Als ich im Mai 1992 den Swede 75 Prototyp vor Kiel-Schilksee präsentierte, faszinierte der Neubau mit Segeleigenschaften, die denen leerer Admiral’s Cupper beim Training zur Maior-Regatta vergleichbar waren.

Swede 55 in Kompositbauweise

Halb so breit wie übliche Boote: 30  m2 Tourenschärenkreuzer Lotus in der Marina Baltica/Travemünde
Halb so breit wie übliche Boote: 30 m2 Touren Schärenkreuzer Typ Lotus in der Marina Baltica/Travemünde – Foto Erdmann Braschos

Ich segele seit meinem sechsten Lebensjahr, begann in der Optimistenjolle, bald Regatten in der Europe und Pirat. In den Siebzigerjahren folgten Skandinavientörns mit einem 30 m2 Touren Schärenkreuzer Typ Lotus: 12 m lang, 2,15 m breit und ganze 2,6 t schwer. Die Passage des Skagerrak, die Umsegelung der Südwestküste Norwegens nach Stavanger oder eine schnelle dreitägige Reise von Großenbrode zu den Åaland Inseln haben mich geprägt. Dann war es Zeit für Swede 55 mit etwas mehr Komfort. Ein Schiff mit Steh- statt Bückhöhe, Toilettenraum statt Eimer und einem zuverlässigen Motor. In den Neunzigerjahren veröffentlichte ich über Schärenkreuzer und Meteryachten. Meine Artikel über Bootsrestauration, Yachtkonstrukteure, Segler und Werften haben zur Renaissance klassischer Yachten beigetragen.

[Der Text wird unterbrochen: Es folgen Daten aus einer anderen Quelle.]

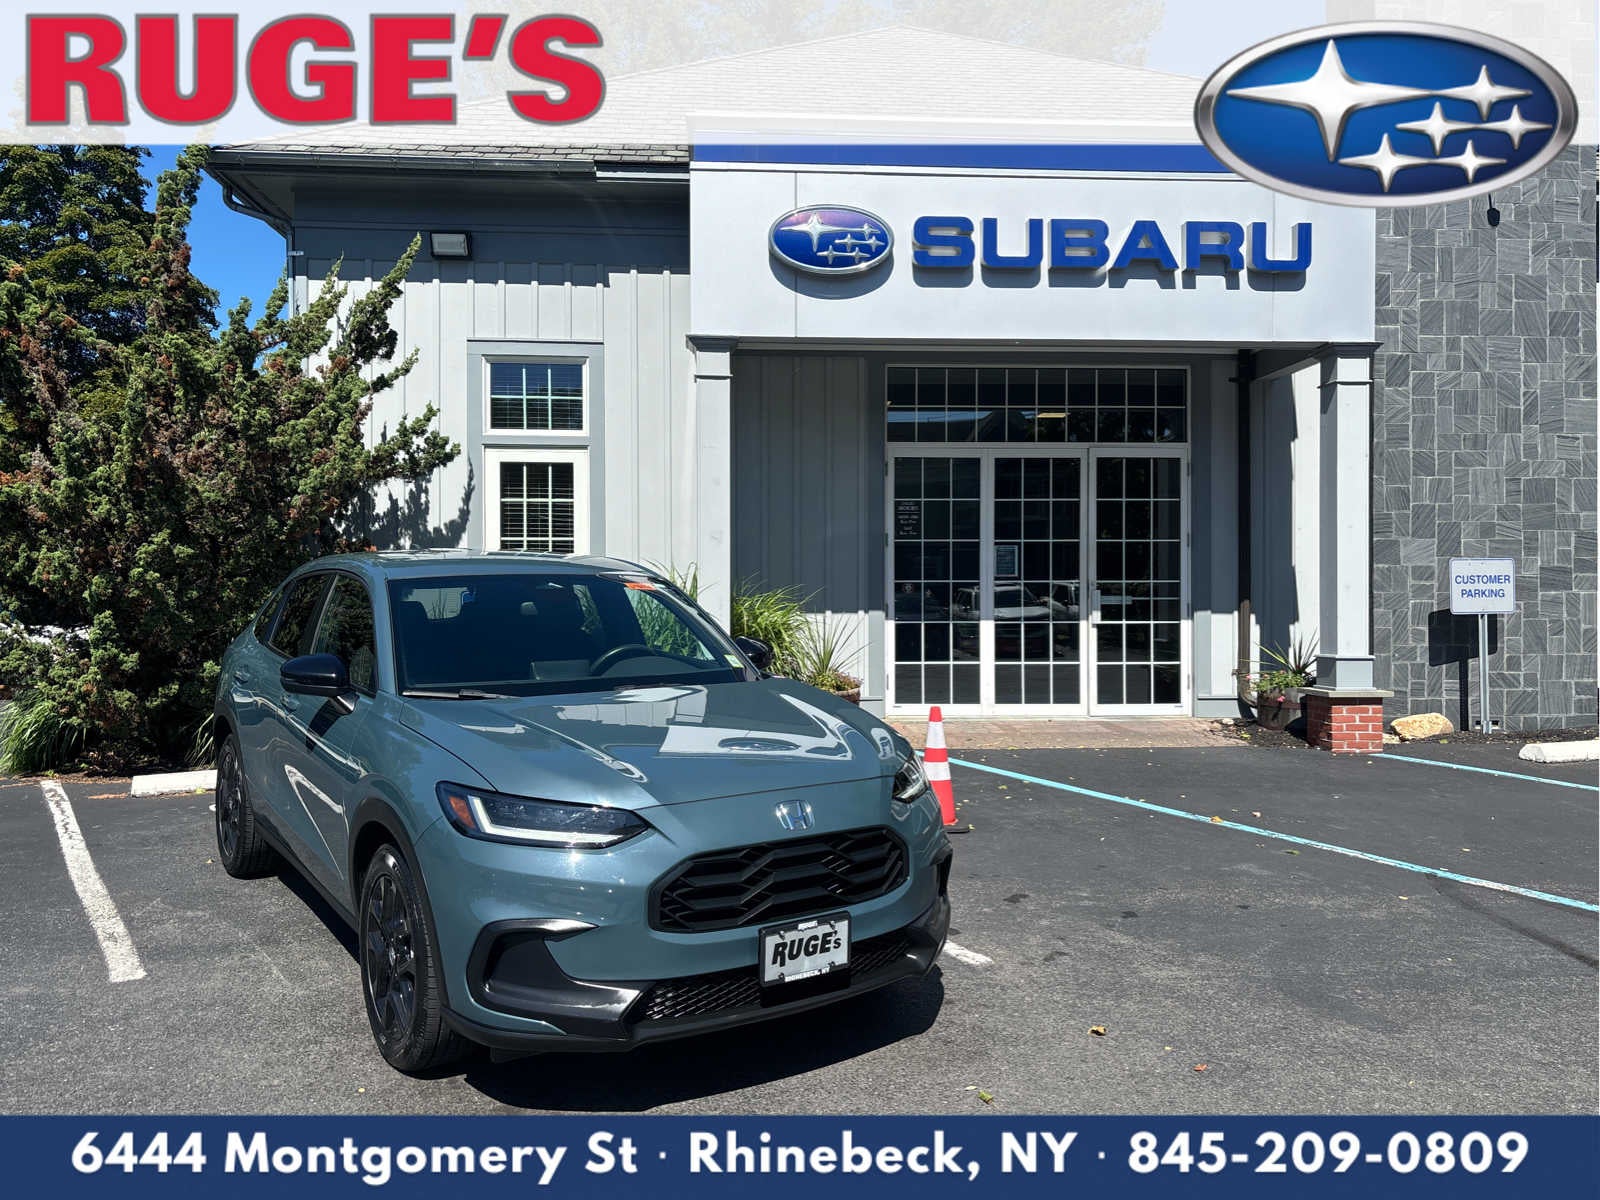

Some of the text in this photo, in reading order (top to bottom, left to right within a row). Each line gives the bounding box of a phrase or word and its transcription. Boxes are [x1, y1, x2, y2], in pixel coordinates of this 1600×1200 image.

[912, 216, 1312, 272] SUBARU
[1454, 574, 1511, 585] CUSTOMER
[1461, 588, 1505, 598] PARKING

Super Swede 53 im Bau - Foto Erdmann Braschos
Super Swede 53 in Hergla/Tunesien 1984 im Bau. Dieses Boot verkaufte ich 1995 nach Deutschland – Foto Swedesail
Cover Delius Klasing Buch Segeln auf See von Wilfried Erdmann
Beiträge zum Buch des Hochseeseglers Wilfried Erdmann 1992/1995

Ich verkaufte den Swede 75-Prototyp, einige Swede 41 Neubauten nach Deutschland und ans Mittelmeer, gebrauchte Swede 55, die Super Swede 53 und gründete einen Vertrieb in der 405 Lexington Avenue in Manhattan, den ich unbescheiden Swedesail North America nannte. Die 71ste Etage im Chrysler Building war eine gute Adresse, wo ein Immobilienmann in Uptown New York etwas einträglichere Geschäfte führte.

Beratung von Bootskäufern und -eignern

Beiträge zur Enzyklopädie der Yachtkonstrukteure, New York 2005 W.W Norton & Company
Beiträge zur Enzyklopädie der Yachtkonstrukteure, New York 2005 – Foto W. W. Norton & Company

Enttäuscht von der Arbeit der schwedischen Kollegen kümmerte ich mich um die gelieferten Boote, stellte den Vertrieb 1997 ein, konzentrierte mich auf meine journalistische Arbeit und das eigene Schiff. Heute berate ich Interessenten, Käufer und Eigner beim anstehenden Kauf, bei Reparaturen, Instandhaltung und unterstütze bis hin zum Verkauf. Grundlage dazu ist meine jahrzehntelange Erfahrung mit 30 und 55 m2 Touren Schärenkreuzern, der langjährige Betrieb meiner Swede 55 und Kenntnis der Branche.